Your reply should repeat, exactly, the line containing "this 1428×1428 image." and the rest of the material after it.

== == ==

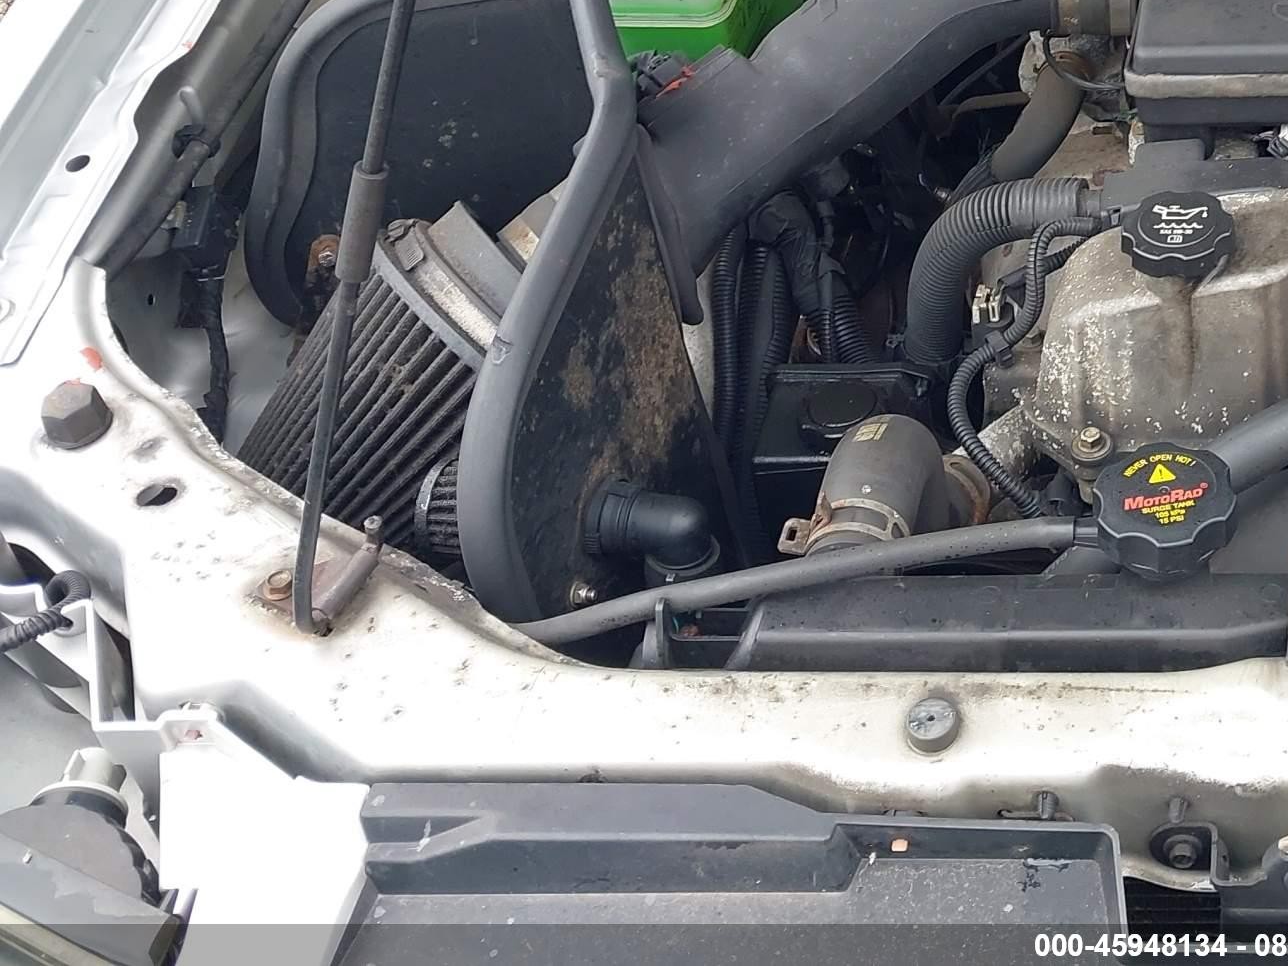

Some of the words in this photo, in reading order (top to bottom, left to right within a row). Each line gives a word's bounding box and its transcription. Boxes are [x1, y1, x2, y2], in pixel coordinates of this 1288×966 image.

[1123, 459, 1148, 477] NEVER
[1149, 454, 1172, 463] OPEN
[1141, 504, 1171, 514] SURGE
[1173, 500, 1196, 509] TANK
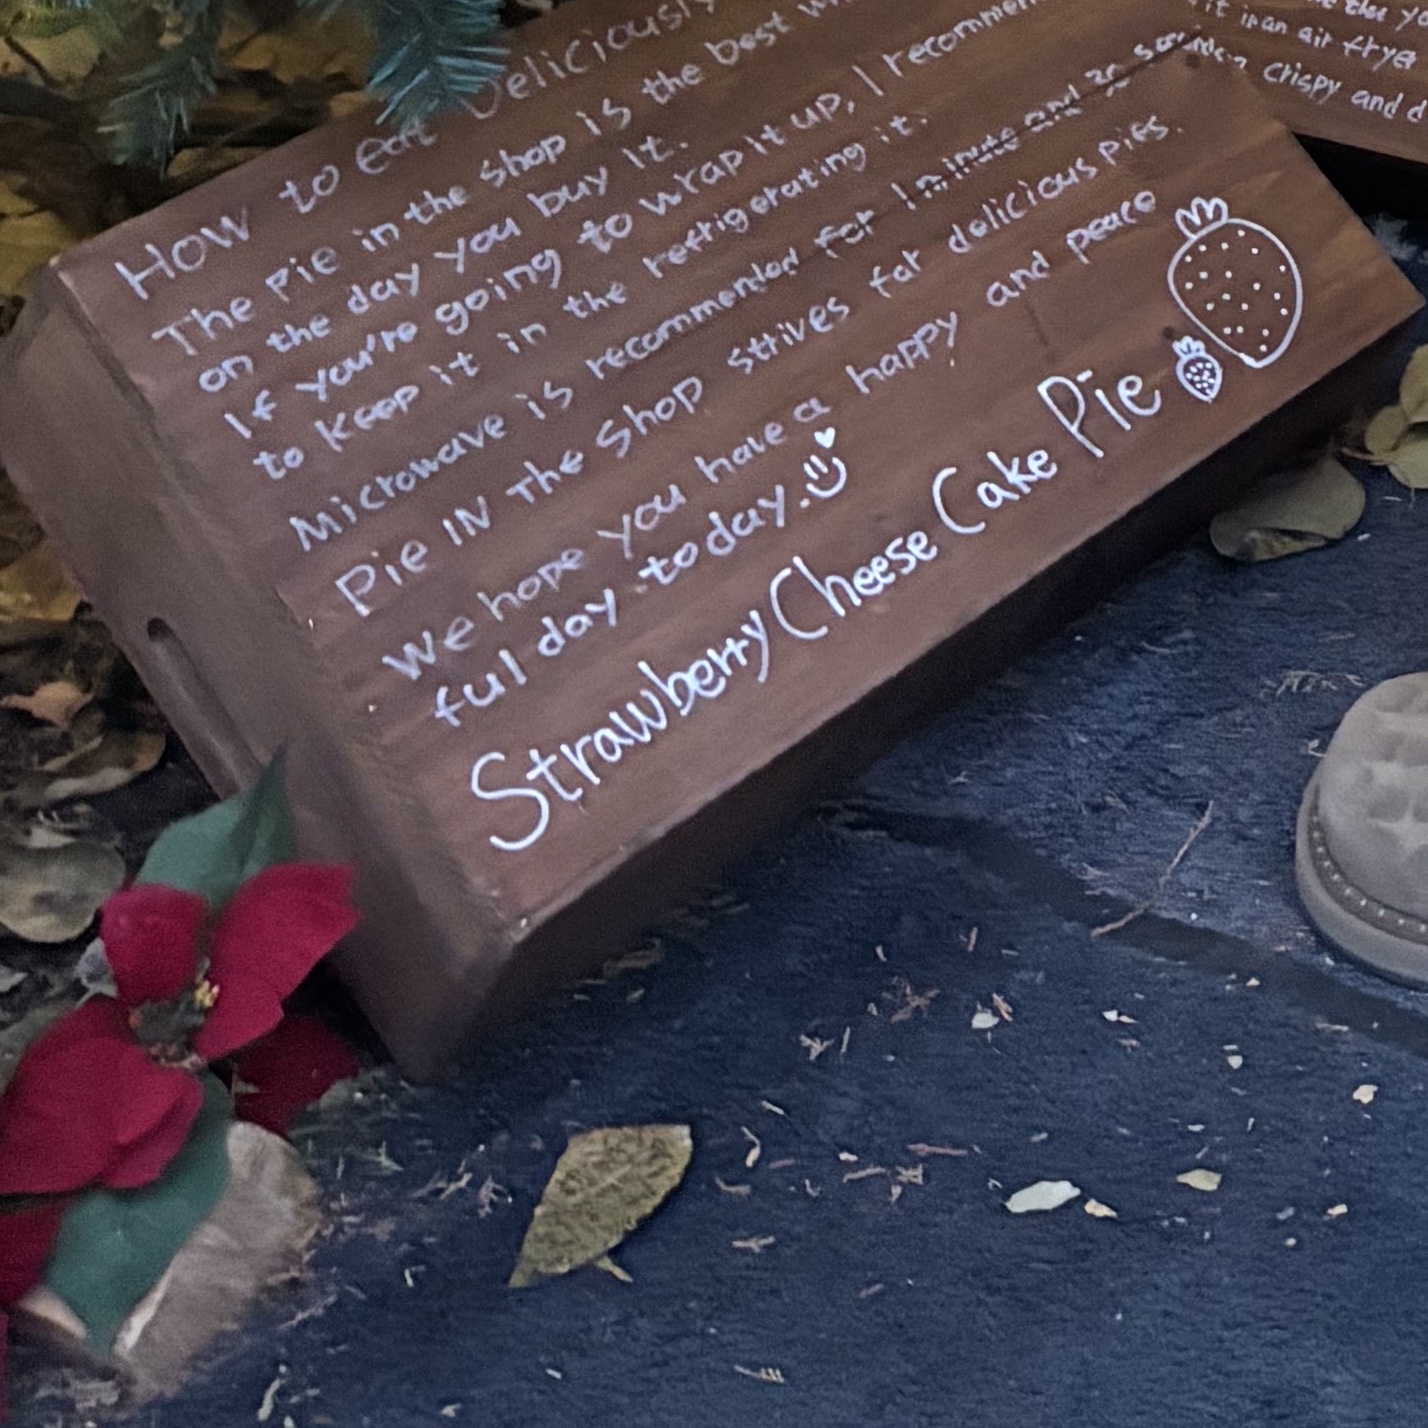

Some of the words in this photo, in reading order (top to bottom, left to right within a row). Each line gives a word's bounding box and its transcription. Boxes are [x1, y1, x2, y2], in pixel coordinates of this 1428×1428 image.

[152, 296, 253, 356] The
[353, 221, 399, 252] in
[404, 186, 467, 226] the
[576, 99, 631, 135] is
[643, 62, 703, 107] the
[705, 12, 790, 66] best
[279, 164, 338, 214] to
[1350, 91, 1403, 121] and
[198, 354, 252, 392] on
[267, 314, 330, 353] the
[346, 264, 420, 315] day
[435, 217, 521, 272] you
[527, 166, 608, 219] buy
[223, 389, 276, 439] If
[435, 249, 562, 336] going
[579, 214, 632, 252] to
[640, 149, 742, 217] wrap
[727, 295, 850, 375] strives
[869, 250, 922, 299] for
[947, 157, 1097, 256] delicious
[254, 449, 304, 481] to
[430, 352, 479, 385] it
[498, 324, 546, 353] in
[563, 282, 626, 320] the
[289, 413, 507, 551] Microwave
[516, 381, 574, 419] is
[586, 247, 799, 382] recommended
[477, 547, 584, 621] hope
[597, 485, 686, 560] you
[693, 422, 786, 485] have
[794, 397, 832, 423] a
[846, 311, 958, 393] happy
[986, 251, 1050, 307] and
[1067, 190, 1156, 264] peace
[434, 649, 527, 726] ful
[537, 588, 617, 657] day
[470, 609, 770, 851] Strawberry
[769, 530, 937, 639] Cheese
[932, 449, 1058, 534] Cake
[1037, 370, 1162, 458] Pie

== == ==

Answer to this problem:
Some of the words in this photo, in reading order (top to bottom, left to right within a row). Each line gives a word's bounding box and its transcription. Boxes are [x1, y1, x2, y2], in pixel coordinates of this 1428×1428 image.

[152, 296, 253, 356] The
[353, 221, 399, 252] in
[404, 186, 467, 226] the
[576, 99, 631, 135] is
[643, 62, 703, 107] the
[705, 12, 790, 66] best
[279, 164, 338, 214] to
[1350, 91, 1403, 121] and
[198, 354, 252, 392] on
[267, 314, 330, 353] the
[346, 264, 420, 315] day
[435, 217, 521, 272] you
[527, 166, 608, 219] buy
[223, 389, 276, 439] If
[435, 249, 562, 336] going
[579, 214, 632, 252] to
[640, 149, 742, 217] wrap
[727, 295, 850, 375] strives
[869, 250, 922, 299] for
[947, 157, 1097, 256] delicious
[254, 449, 304, 481] to
[430, 352, 479, 385] it
[498, 324, 546, 353] in
[563, 282, 626, 320] the
[289, 413, 507, 551] Microwave
[516, 381, 574, 419] is
[586, 247, 799, 382] recommended
[477, 547, 584, 621] hope
[597, 485, 686, 560] you
[693, 422, 786, 485] have
[794, 397, 832, 423] a
[846, 311, 958, 393] happy
[986, 251, 1050, 307] and
[1067, 190, 1156, 264] peace
[434, 649, 527, 726] ful
[537, 588, 617, 657] day
[470, 609, 770, 851] Strawberry
[769, 530, 937, 639] Cheese
[932, 449, 1058, 534] Cake
[1037, 370, 1162, 458] Pie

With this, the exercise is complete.